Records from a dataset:

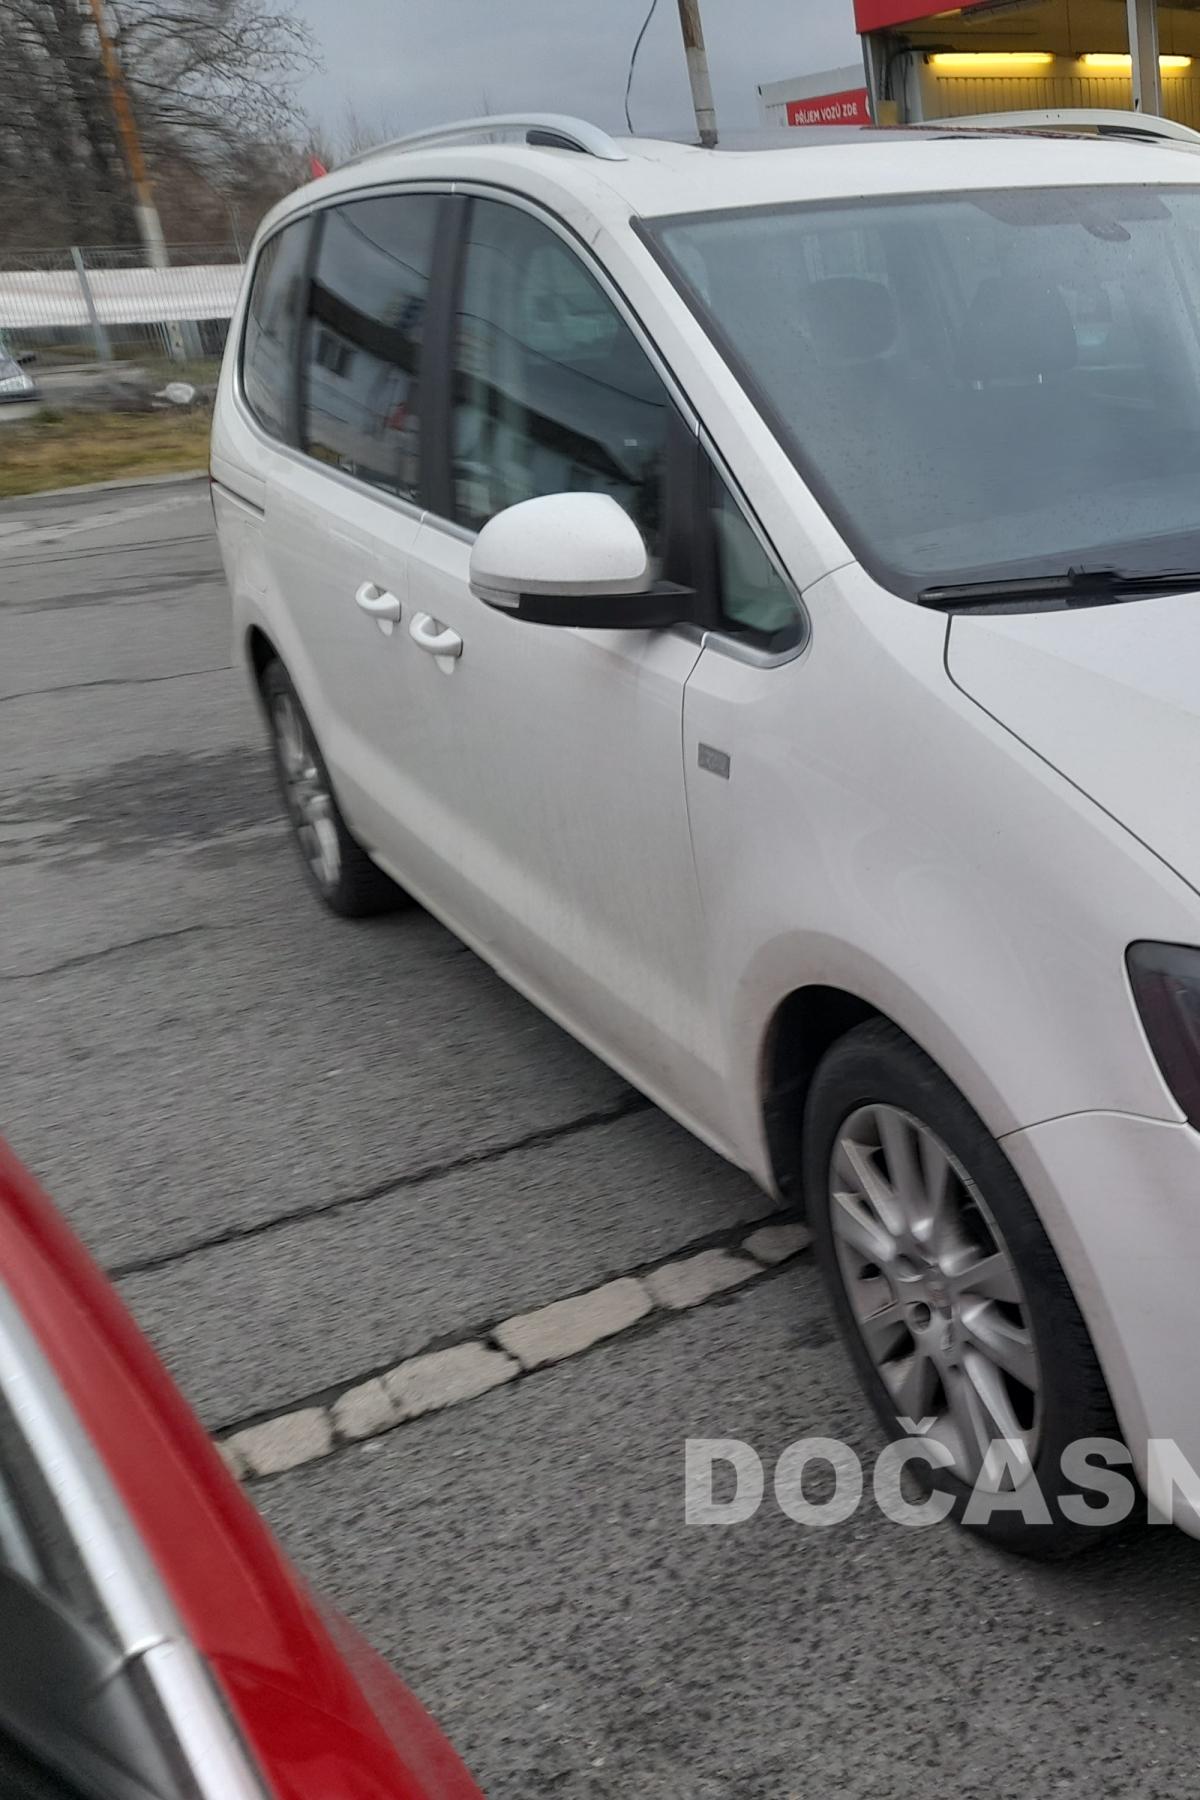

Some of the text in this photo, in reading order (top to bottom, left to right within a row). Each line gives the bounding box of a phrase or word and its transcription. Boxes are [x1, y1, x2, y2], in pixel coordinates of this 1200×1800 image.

[795, 102, 858, 125] PŘÍJEM VOZŮ ZDE
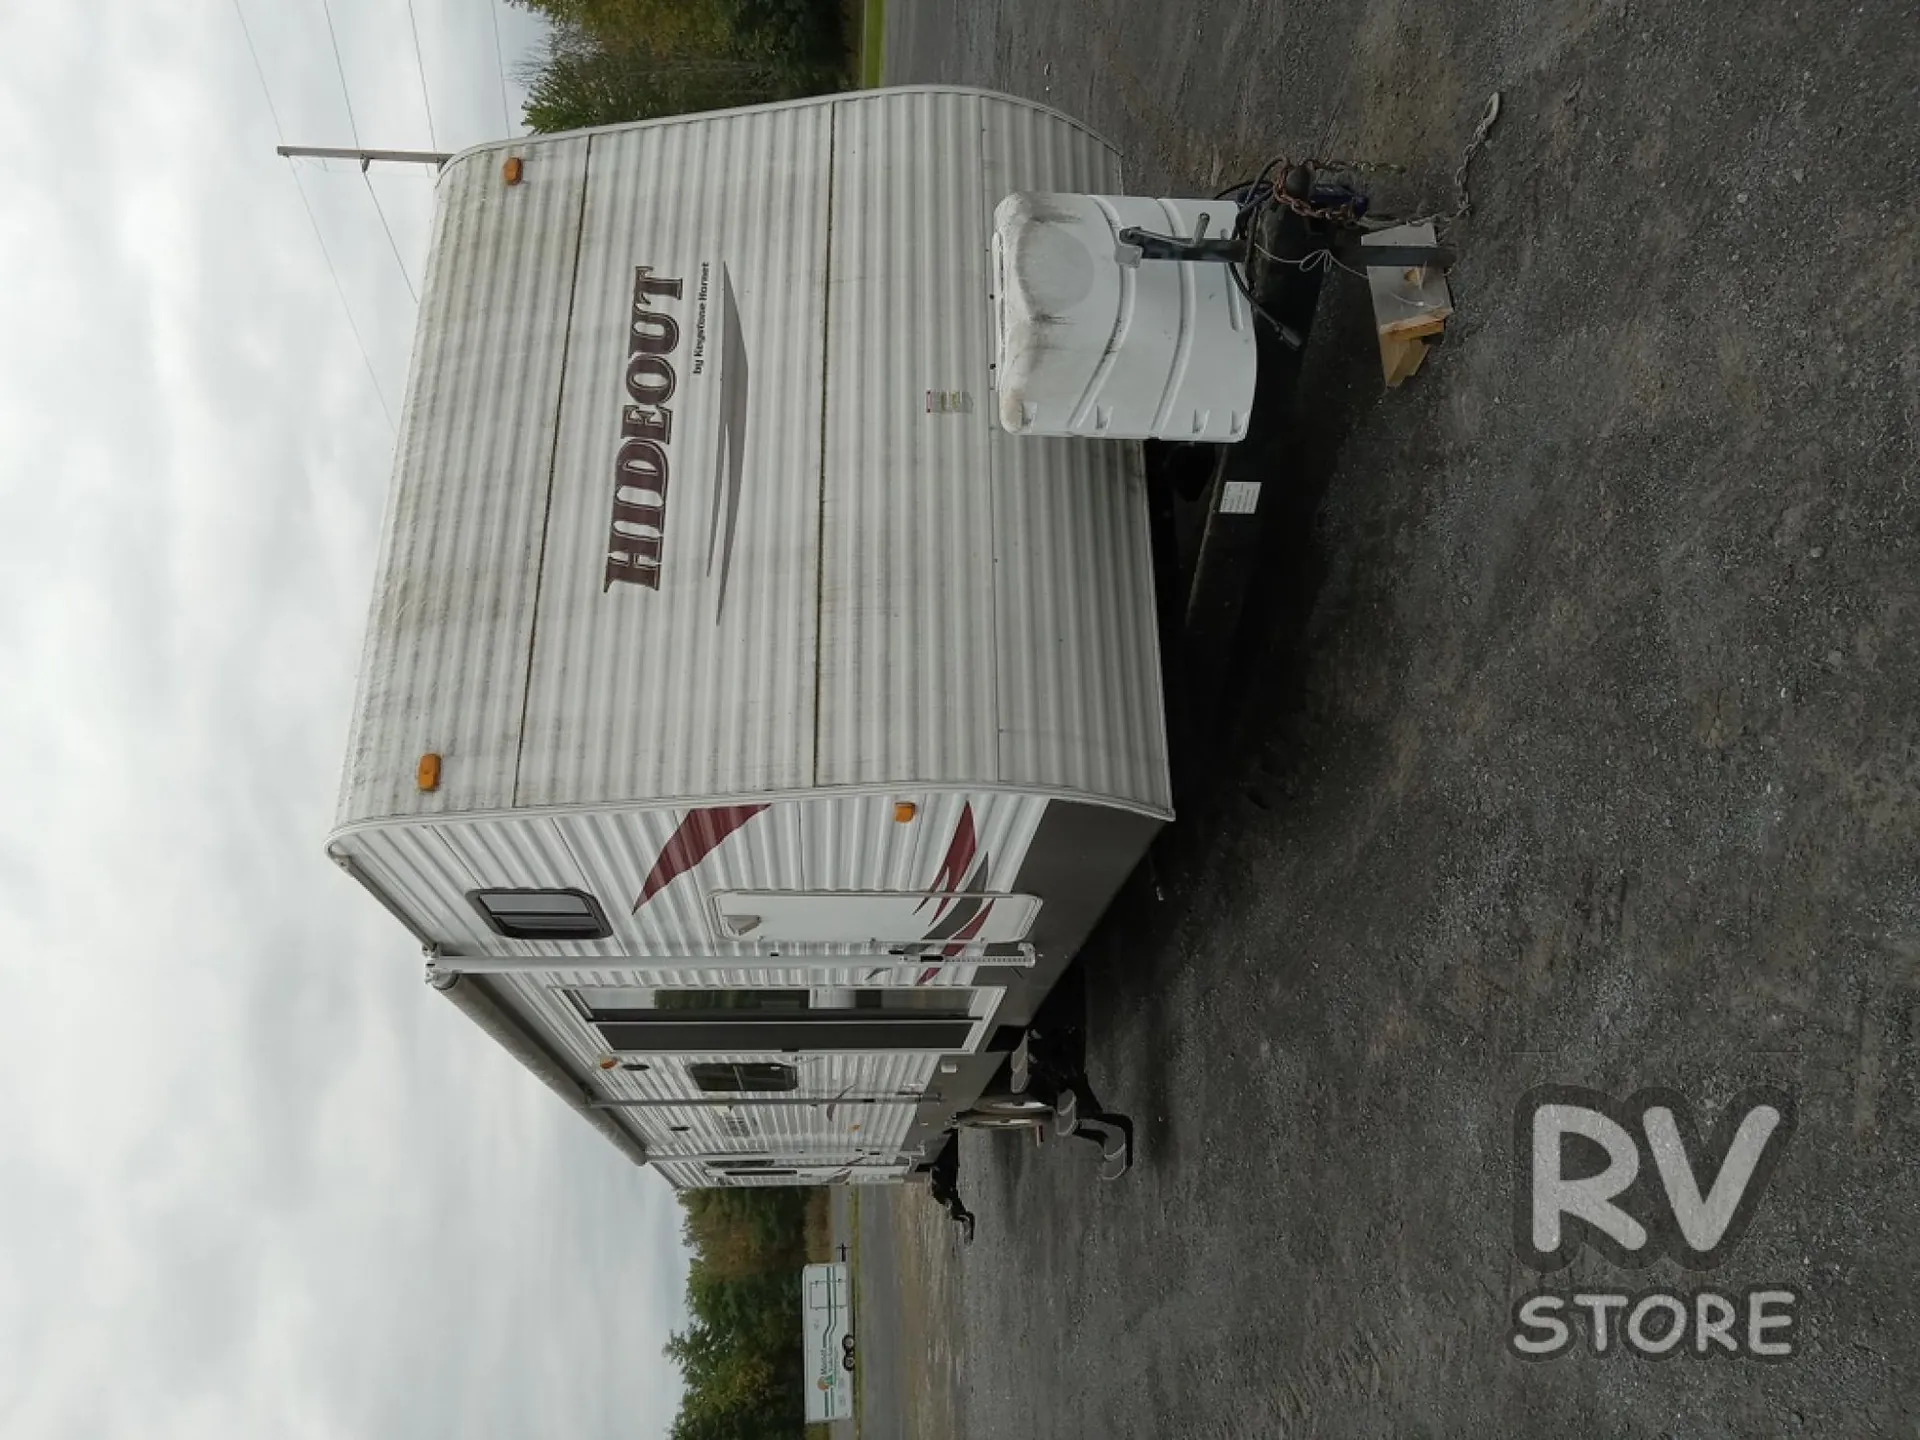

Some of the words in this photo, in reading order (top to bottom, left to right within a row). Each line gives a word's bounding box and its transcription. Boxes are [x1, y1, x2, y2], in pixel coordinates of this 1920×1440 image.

[697, 262, 709, 301] Hornet
[693, 302, 706, 357] Keystone
[692, 359, 704, 374] by
[604, 266, 683, 593] HIDEOUT
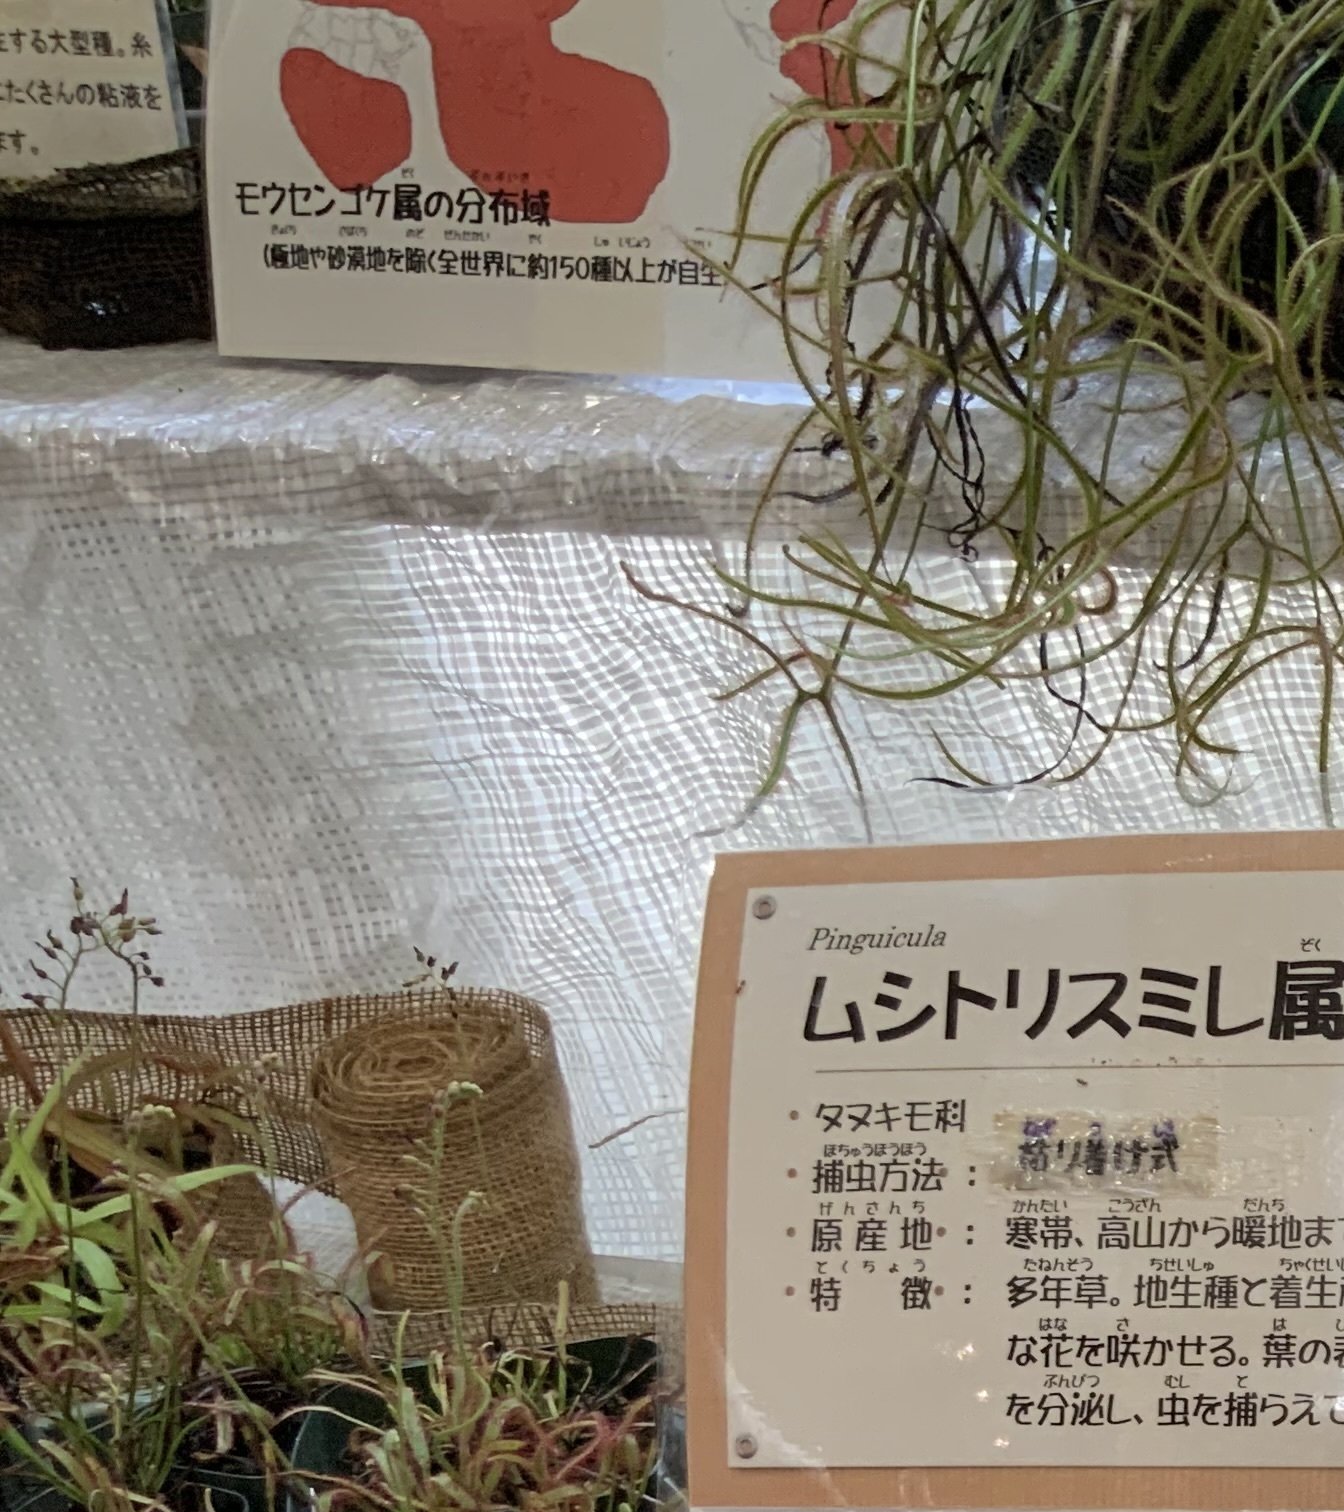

*TASK OBJECTIVE:*
Could you output the lines above exactly, with no pictures included?

*RESPONSE TO THE EXERCISE:*
Some of the text in this photo, in reading order (top to bottom, left to right within a row). Each line gives the bounding box of a phrase or word and its transcription. Boxes are [x1, y1, x2, y2], in pixel coordinates of this 1200×1800 image.

[795, 102, 858, 125] PŘÍJEM VOZŮ ZDE

Some of the words in this photo, in reading order (top to bottom, left to right within a row). Each line gives a word's bounding box and its transcription. Boxes are [x1, y1, x2, y2], in pixel coordinates of this 1920×1440 image.

[697, 262, 709, 301] Hornet
[693, 302, 706, 357] Keystone
[692, 359, 704, 374] by
[604, 266, 683, 593] HIDEOUT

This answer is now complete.